Tendring Topics……..on Line

 
'Oh - What a Lovely War!'

This was the title of a satirical musical stage play and film of the 1960s that made it abundantly clear that  'the Great War' of 1914 - 1918 was anything but lovely.  This year sees the 100th anniversary of its outbreak and the news media is making the most of it.  The picture of General Kitchener urging  members of the civilian public to 'join up' because ‘Your Country needs You to which I referred in last week’s blog,  inspired the cover of this week’s Radio Times.  The threat of war breaking out is affecting the plot-line of ITV’s popular Sunday evening serial ‘Mr Selfridge’ and on Monday evenings on BBC tv, Jeremy Paxman is presenting a fascinating four-part series on the effect of the ‘Great War’ on ordinary people.  I’m sure there will be many similar to come.

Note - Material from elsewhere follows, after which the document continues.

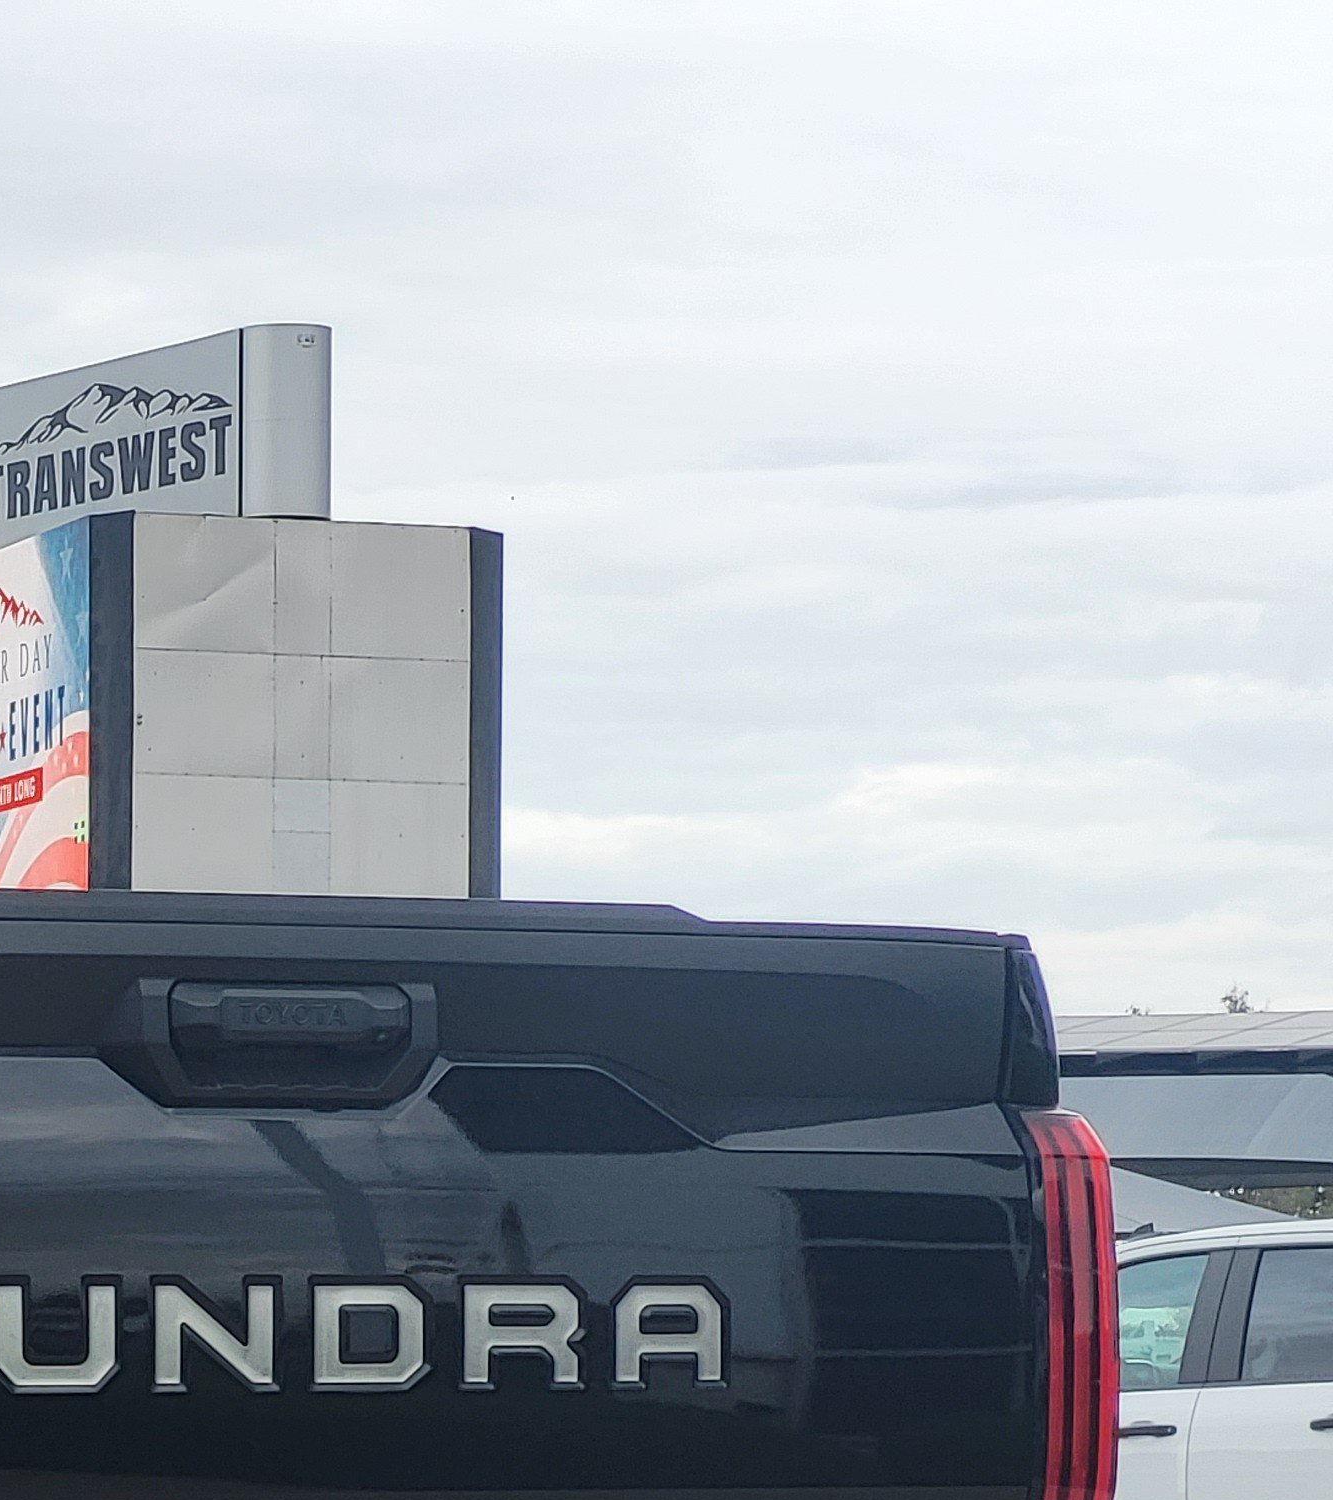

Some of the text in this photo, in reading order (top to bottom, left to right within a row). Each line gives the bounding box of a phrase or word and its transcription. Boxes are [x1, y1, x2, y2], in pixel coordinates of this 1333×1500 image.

[20, 633, 53, 678] DAY
[9, 684, 66, 761] EVENT
[14, 775, 36, 802] LONG
[238, 1001, 348, 1026] TOYOTA

       I generally enjoy programmes presented by Jeremy Paxman though I don’t think I would care to be the subject of his somewhat acid wit.  Enjoyment isn’t how I would describe my reaction to the first episode in the present series though it certainly held my attention throughout.  I was struck by the fact that some members of the Government had at least an inkling of the horrors that were to come.  Sir Edward Grey, Foreign Minister’s best remembered remark as ‘the Great War’ began was ‘The lights are going out all over Europe.  They will not be lit again in our time’.  Bearing in mind that the terms of the Peace Treaty that ended World War  made World War II inevitable within less than twenty years, it was not a wholly inaccurate forecast.  Sir Edward, it seems, was only one of the stiff-upper-lipped English gentleman in the government to be moved to tears by a vision of Europe’s future.  What a tragedy it was for the world that they were unable – or perhaps unwilling – to do more to change that vision.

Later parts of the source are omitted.